◆ **TRY IT**
Your task is to return all of the records exactly, minus any images.

◆ **EXERCISE MATERIALS**
+ + + + + + +
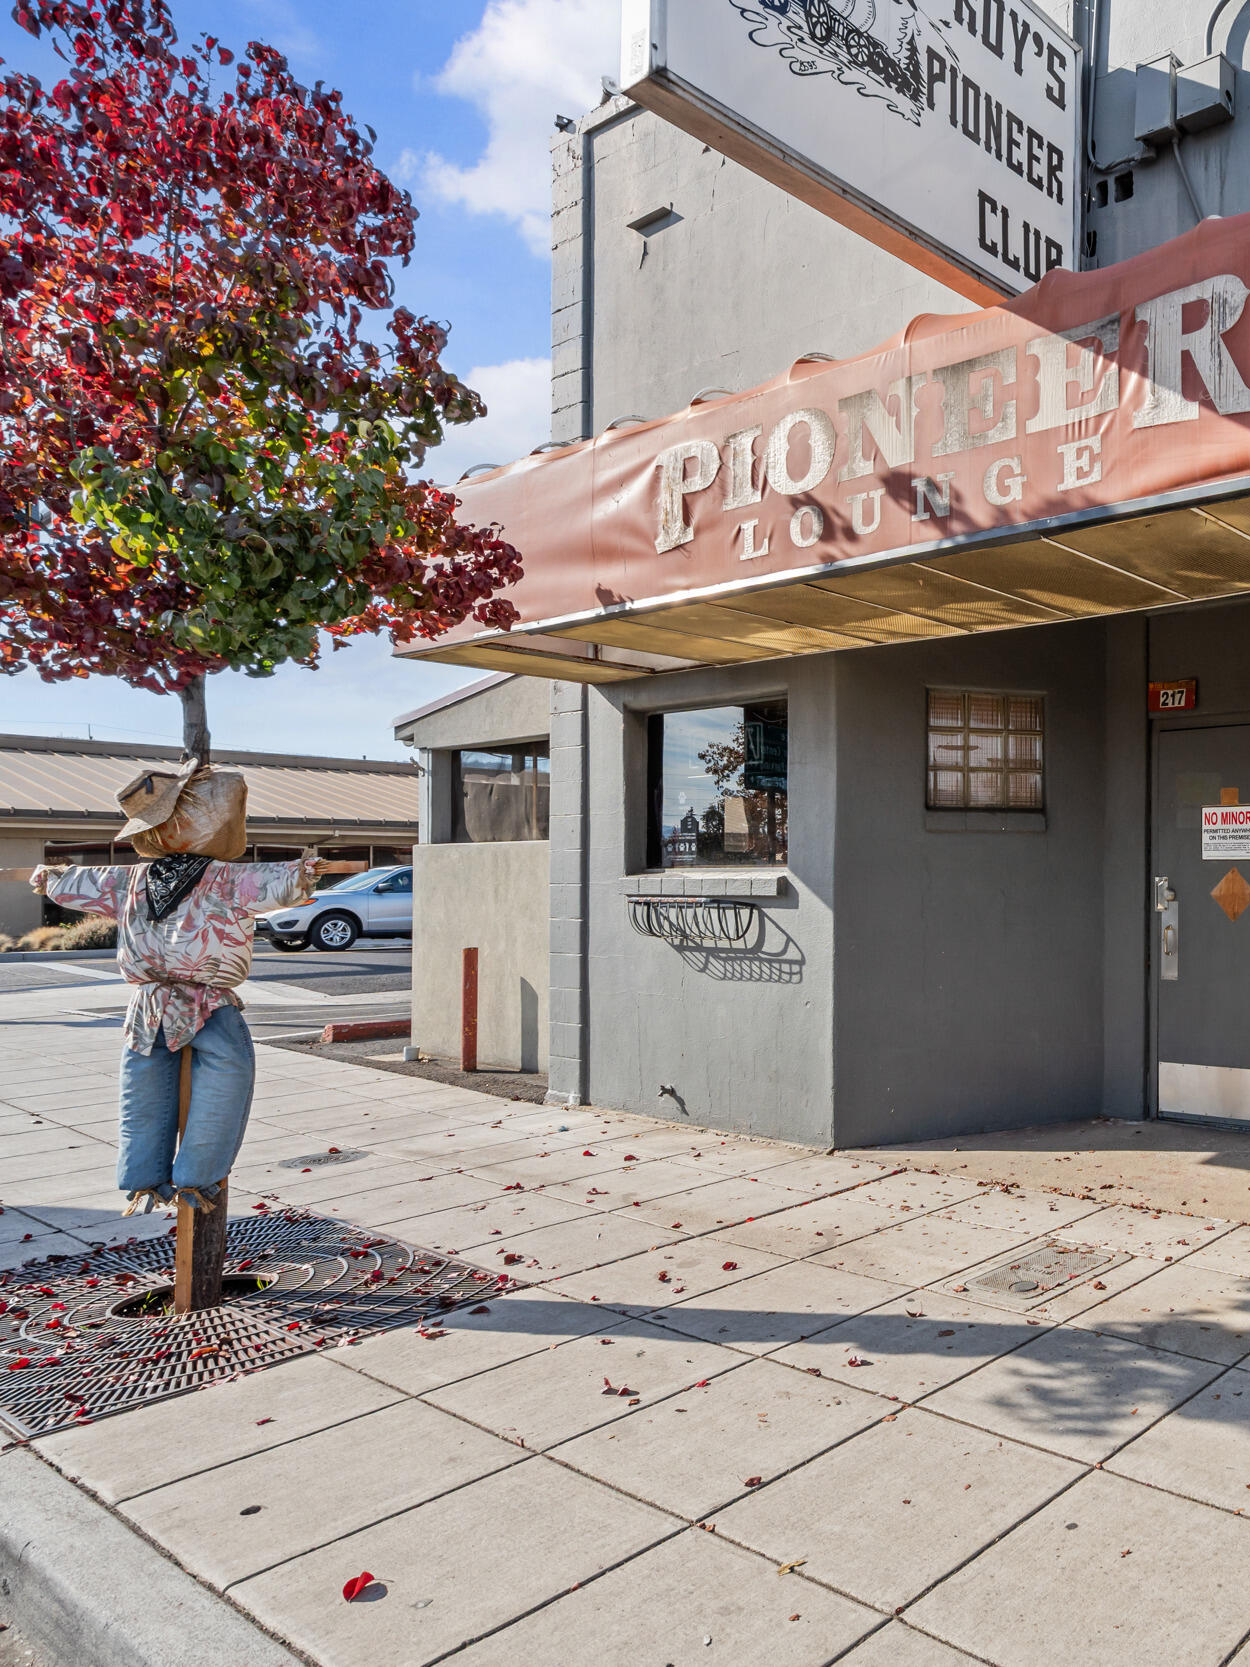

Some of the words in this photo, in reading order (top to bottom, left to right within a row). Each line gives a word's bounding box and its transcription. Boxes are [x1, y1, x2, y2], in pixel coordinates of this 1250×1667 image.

[926, 44, 1065, 206] PIONEER
[738, 433, 1102, 562] LOUNGE
[1161, 690, 1185, 707] 217
[1204, 811, 1218, 826] NO
+ + + + + + +
◆ **TASK ANSWER**
Some of the words in this photo, in reading order (top to bottom, left to right within a row). Each line gives a word's bounding box and its transcription. Boxes are [x1, y1, x2, y2], in pixel coordinates of this 1250×1667 image.

[926, 44, 1065, 206] PIONEER
[738, 433, 1102, 562] LOUNGE
[1161, 690, 1185, 707] 217
[1204, 811, 1218, 826] NO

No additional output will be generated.